Yesterday I entered the kitchen with a dear friend to get coffee, only to be greeted by yet another group (insert marauding horde, if you will) of the little creatures, coming from seemingly nowhere. My friend is so faithful; she joined me in trying to discern from where they were coming! We soon discovered that they are, in fact, coming from an inside wall, so there must be a colony under the house. That means my annihilation tactic must change from "instant kill" to "take back to the colony and die there. . ."
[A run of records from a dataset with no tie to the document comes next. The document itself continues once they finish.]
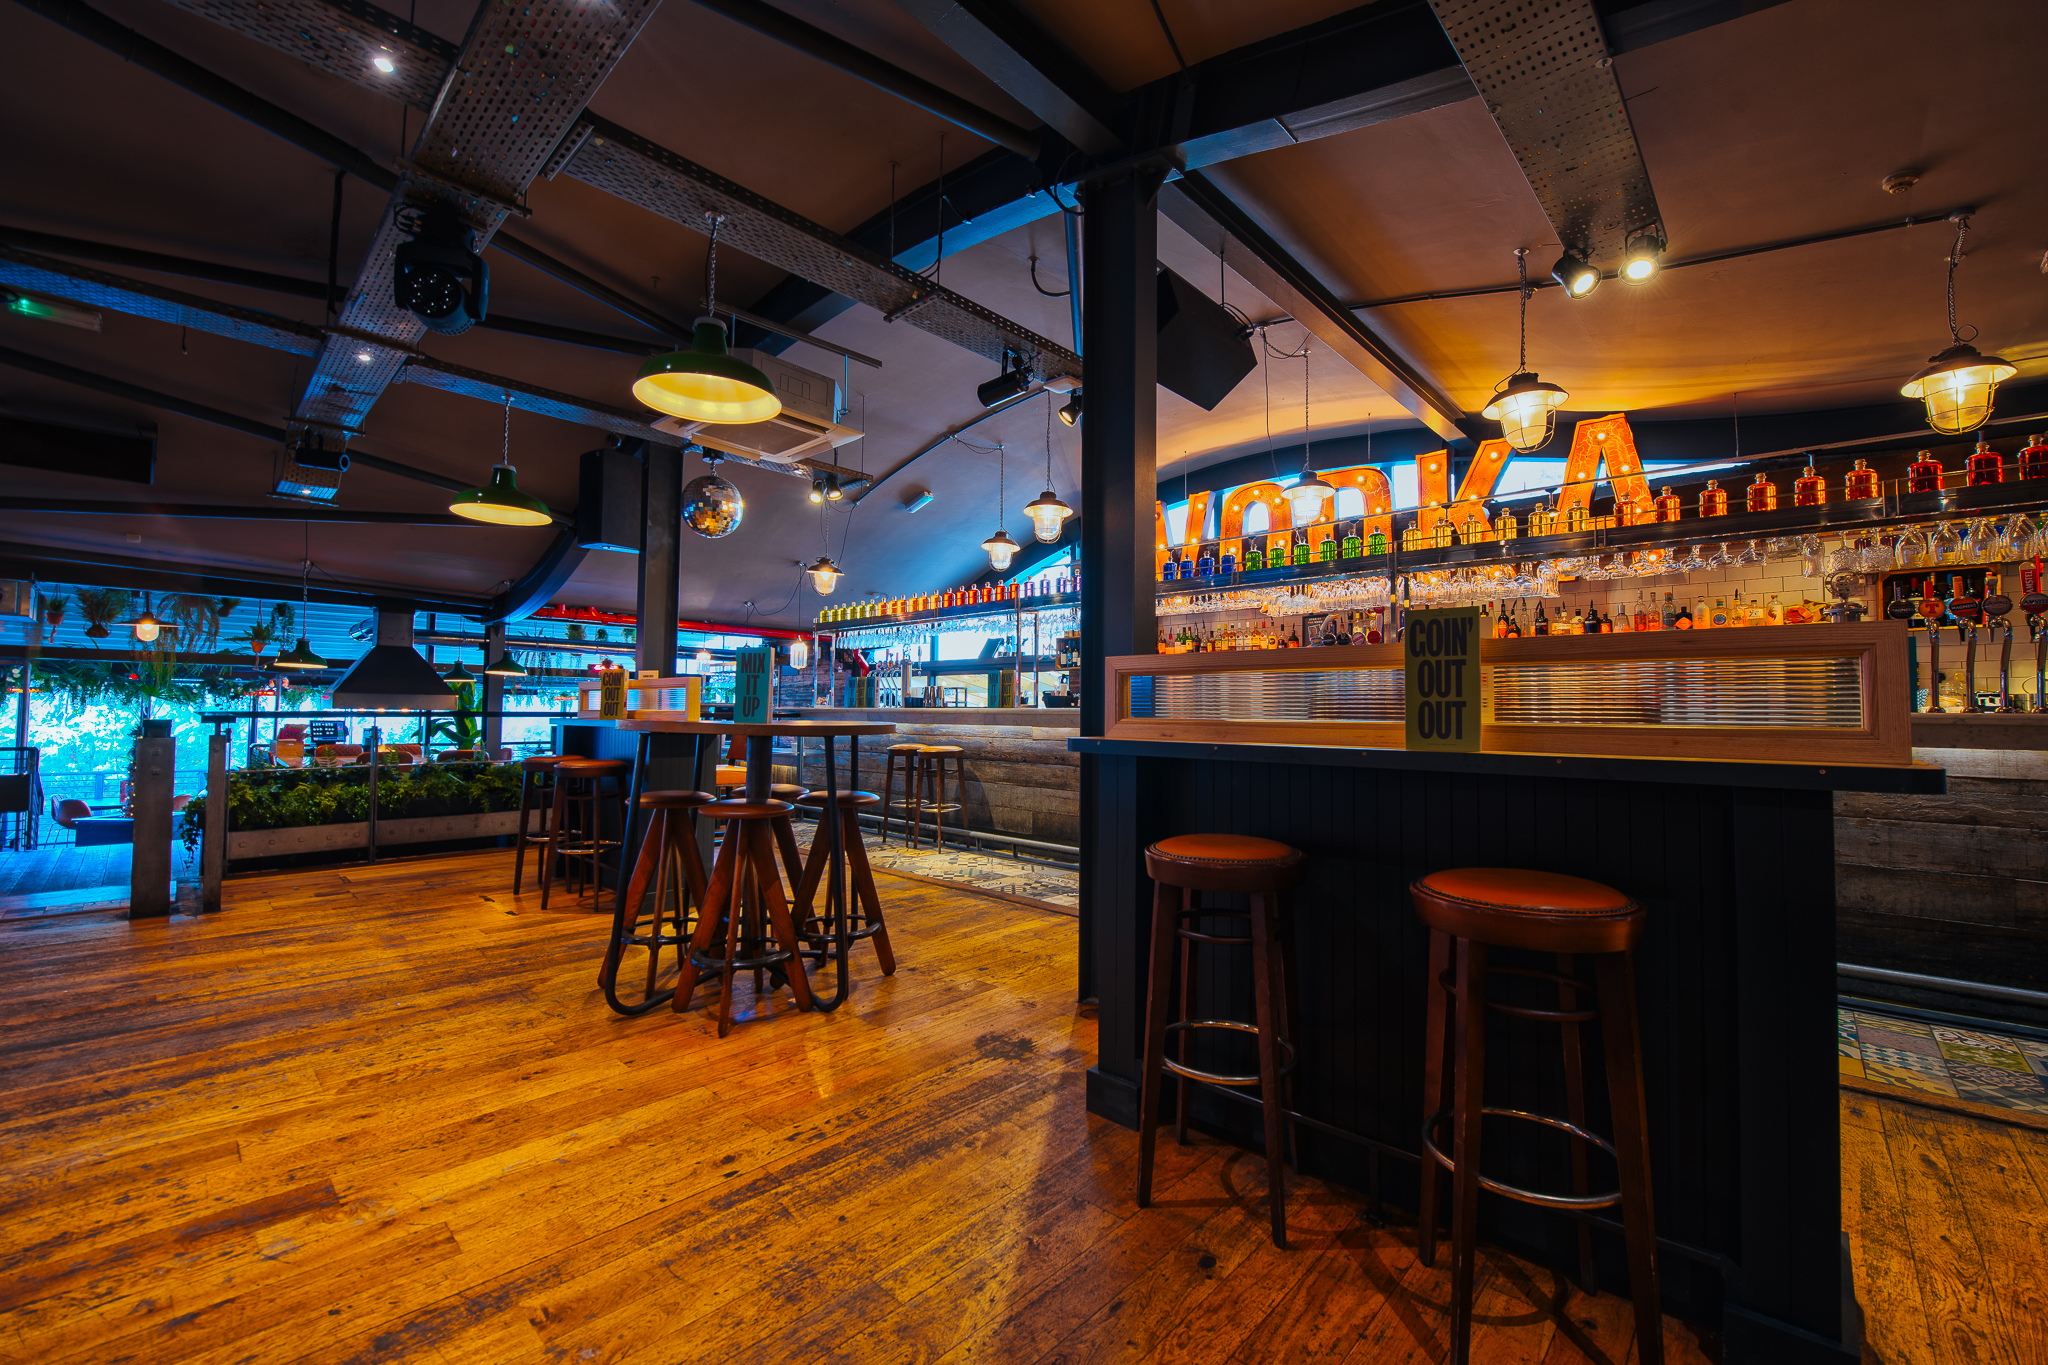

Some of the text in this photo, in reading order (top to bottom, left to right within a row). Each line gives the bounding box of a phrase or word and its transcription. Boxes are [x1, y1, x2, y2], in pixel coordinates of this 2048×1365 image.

[2024, 570, 2034, 593] AMSTEL
[1925, 603, 1940, 614] T
[1409, 617, 1473, 657] GOIN'
[741, 653, 766, 673] MIX
[746, 675, 759, 695] IT
[1417, 659, 1467, 698] OUT
[605, 687, 620, 701] OUT
[604, 702, 619, 716] OUT
[742, 696, 760, 717] UP
[1417, 701, 1467, 739] OUT
We got our coffee and sat down to laugh together at what God has taught us through these "little interruptions" in our lives (she has battled lice) and how we can "take" the big stuff with little faith or trust problems, but ants and lice? Not so much. How humbling; thank You, God, for bringing in ants to show me how I really do struggle with Your control and sovereignty over my life. I want that icky part out of me!
Then I remembered two email stories I had received from dear missionary friends of mine; my Asia-living friend has been battling with roaches in her domicile, and they have had the nerve to hide underneath the toilet seat! Picture her wildly smashing the toilet bowl and floor with a toilet brush, and you get the idea. She told me, "I had to surrender to God the right to privacy in the bathroom. . ." The next day my dear South America-living friend wrote me. "After 26 years in Brazil, we finally have a snake story!" Suffice it to say, it involved a rather large anaconda in a small boat, stunned but not dead, dead monkeys on a stick for travel, said snake "waking up" and snake blood all over my friend's leg. . .you can imagine.
I sent the "snake story" to the roach battler; she responded with "thank you, Father, for roaches!" I read the snake and roach stories to the lice battler, who promptly decided that lice weren't nearly as bad as holding dead monkeys while avoiding an anaconda in an unsteady boat in probably pirahna and alligator-infested water! And I counseled myself, "self, odorous house ants are harmless; they don't live in my hair or anyone else's; they have not yet discovered my toilet seat; they aren't 12 feet long with the ability to eat me at will. What in the world am I complaining about??!!"
"I can do all things through Him [Christ] who strengthens me." (Philippians 4:13 ESV)
Even continue on in my quest to rid my house of ants.
Even learn to allow God to interrupt my life with whatever He chooses.